Preacher: Gee Gee Micoli
Several years ago, my husband and I had the opportunity to travel to the Holy Land. One of our stops was to go into the West Bank and visit Bethlehem where we celebrated Christmas Mass. During the course of our Eucharistic celebration, we were startled by rapid gunshots in close proximity. The Mass and the Christmas carols continued as if nothing had even happened. This was the reality of a conflict that has become commonplace and accepted.
In this “Little town of Bethlehem” stands the Basilica of the Nativity, the oldest standing Church in the Holy Land. Constantine the Great and his mother St. Helen commissioned this Church be built in 327 to honor the location of the birthplace of Jesus. Above the main entrance of this church is a depiction of the Three Magi.
This church survived the devastation of the invading Persian army in the early seventh century when the commanding officer recognized these three men as learned fellow countrymen. Since they were his people, he left the Church standing. Good decisions can be made in the midst of conflict. So despite all the conflict before, during and after Christ’s birth, Matthew describes the birth of Jesus as a fulfillment of many ancient Hebrew prophecies, showing God’s almighty hand in the event arriving at the perfect moment in history.
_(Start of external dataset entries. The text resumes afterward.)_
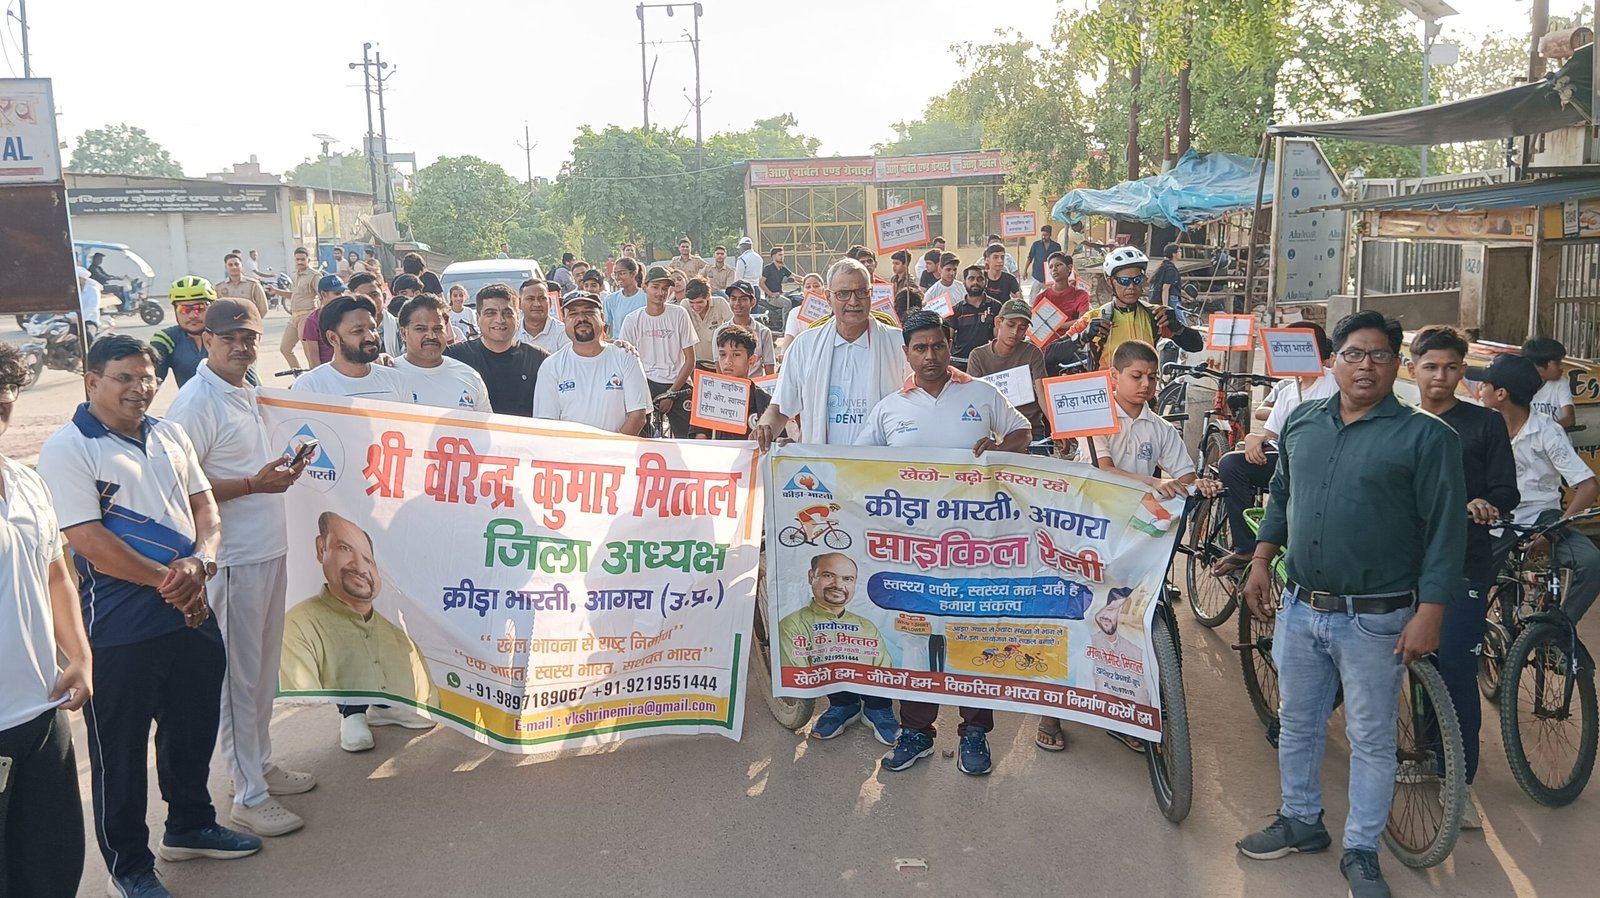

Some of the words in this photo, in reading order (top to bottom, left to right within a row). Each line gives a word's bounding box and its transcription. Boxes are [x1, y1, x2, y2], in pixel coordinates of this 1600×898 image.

[1271, 341, 1292, 354] क्रीड़ा
[1292, 341, 1314, 353] भारती
[703, 390, 712, 400] की
[1056, 394, 1079, 409] क्रीड़ा
[1080, 389, 1107, 405] भारती
[701, 403, 716, 413] रहेगा
[361, 430, 412, 499] श्री
[531, 459, 626, 530] कुमार
[632, 452, 742, 519] मित्तल
[994, 470, 1039, 488] स्वस्थ
[1042, 479, 1069, 493] रहो
[864, 488, 930, 526] क्रीड़ा
[936, 491, 1020, 521] भारती,
[1028, 505, 1111, 540] आगरा
[483, 517, 592, 574] जिला
[601, 539, 731, 575] अध्यक्ष
[866, 529, 1029, 570] साइकिल
[1035, 529, 1104, 583] रैली
[443, 578, 500, 617] क्रीड़ा
[505, 582, 576, 613] भारती,
[584, 588, 653, 611] आगरा
[939, 599, 976, 612] हमारा
[979, 598, 1022, 613] संकल्प
[812, 621, 859, 632] आयोजक
[497, 636, 528, 654] खेल
[530, 637, 577, 653] भावना
[581, 632, 594, 650] से
[599, 634, 627, 655] राष्ट्र
[836, 631, 879, 648] मित्तल
[535, 664, 575, 680] स्वस्थ
[466, 683, 587, 710] +91-9897189067
[592, 674, 718, 697] +91-9219551444
[944, 675, 1001, 697] विकसित
[1004, 682, 1040, 700] भारत
[1043, 690, 1064, 705] का
[1066, 690, 1106, 712] निर्माण
[1137, 708, 1153, 726] हम
[514, 717, 553, 732] E-mail
[564, 698, 716, 725] vkshrinemira@gmail.com
The arrival of these Three Wise Men from a foreign land played a significant role in the developing community of the followers of Christ. These three men were not Hebrew; they were Gentile. Yet, they came bearing gifts in adoration of Jesus. There was significant debate in this community of Christ as to whether Gentiles would be allowed to be a follower of Christ or if they had to convert to Judaism first. Peter and Paul argued exhaustingly over this dilemma.
When Matthew included the visit of the Magi, he validated Paul’s words in the letter to the Ephesians, “The Gentiles have become fellow heirs, members of the same body, and sharers in the promise in Christ Jesus through the gospel.” Paul traveled extensively to make sure that people heard the Good News of Jesus Christ. God’s plan was that all people are invited to be followers of Christ.
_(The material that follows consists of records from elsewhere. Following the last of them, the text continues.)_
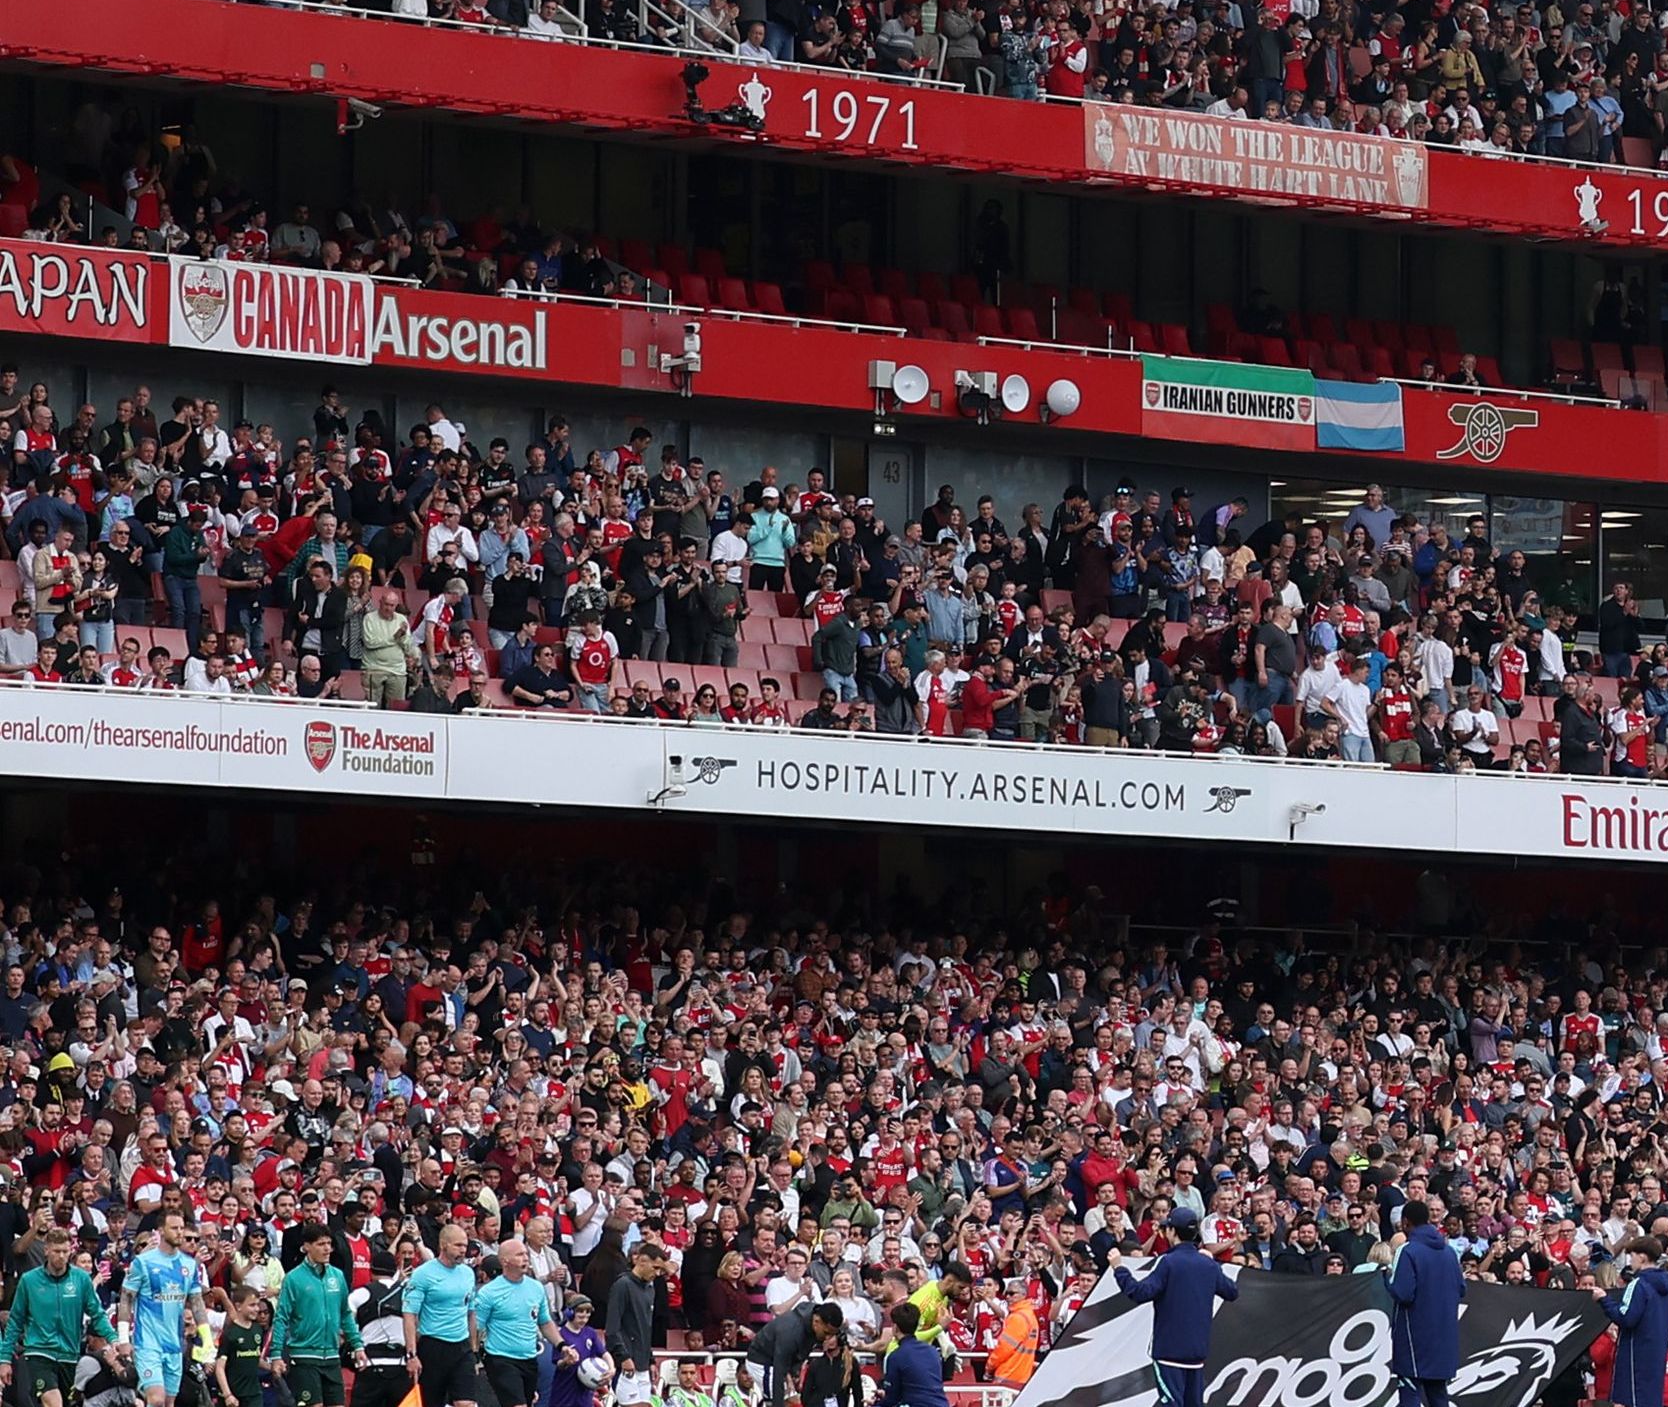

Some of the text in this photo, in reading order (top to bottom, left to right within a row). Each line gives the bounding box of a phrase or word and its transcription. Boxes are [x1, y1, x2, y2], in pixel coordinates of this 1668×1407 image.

[801, 87, 919, 150] 1971
[1119, 113, 1385, 175] WE WON THE LEAGUE
[1157, 152, 1243, 188] WHITE
[1250, 164, 1323, 195] HART
[1328, 172, 1389, 205] LANE
[0, 248, 147, 328] APAN
[232, 268, 366, 359] CANADA
[371, 295, 547, 370] Arsenal
[1162, 385, 1295, 420] IRANIAN GUNNERS
[883, 462, 901, 483] 43
[340, 725, 435, 754] The Arsenal
[342, 749, 435, 776] Foundation
[757, 758, 1186, 811] HOSPITALITY.ARSENAL.COM
The psalms were written centuries before the birth of Christ when the known world was limited. Psalm 72 talks about all the nations of the world bowing down in adoration to the God of Abraham. About 600 years later, these wise men bow down in adoration of the Son of God. At present time, we are aware of the nations of our world and the number of believers in the God of Abraham all over our world!
In one of the last chapters of Isaiah, the prophet calls the Hebrew people out of the Babylonian captivity back to Jerusalem. It is a prophecy to tell of the light that shall come to Jerusalem for them in the immediate future. It also foretells of the light of Christ coming into the world with gold and frankincense being offered as gifts and praises being proclaimed for Jesus the Christ centuries later.
Do these prophetic words of Isaiah need to stop at the birth of Jesus? Could it also not call us to see Jerusalem differently? Isn’t it intriguing that the three major monotheistic religions find their beginnings in Jerusalem? Could Jerusalem rise in splendor again and be filled with light when the conflict between religious factions stops? Should we condemn fighting and not accept it as a reality? Let’s imagine a world where war has ceased and buildings and churches are left standing and dream of a trip to Bethlehem to celebrate Christmas Mass without the rapid shots of an assault rifle!
Maybe we should all stop and think about our own conflicts with others: in our family, our neighborhood, our churches, our country. Can we start conversations where we can listen to each other? In a section of Psalm 72 that is left out of our lectionary, the psalmist tells of God defending the cause of the poor, deliverance to the needy and crushing the oppressor. Maybe when we remove the conflict with others, we can join forces to be God’s hands in accomplishing the cause of the poor. Maybe then Jerusalem will shine again!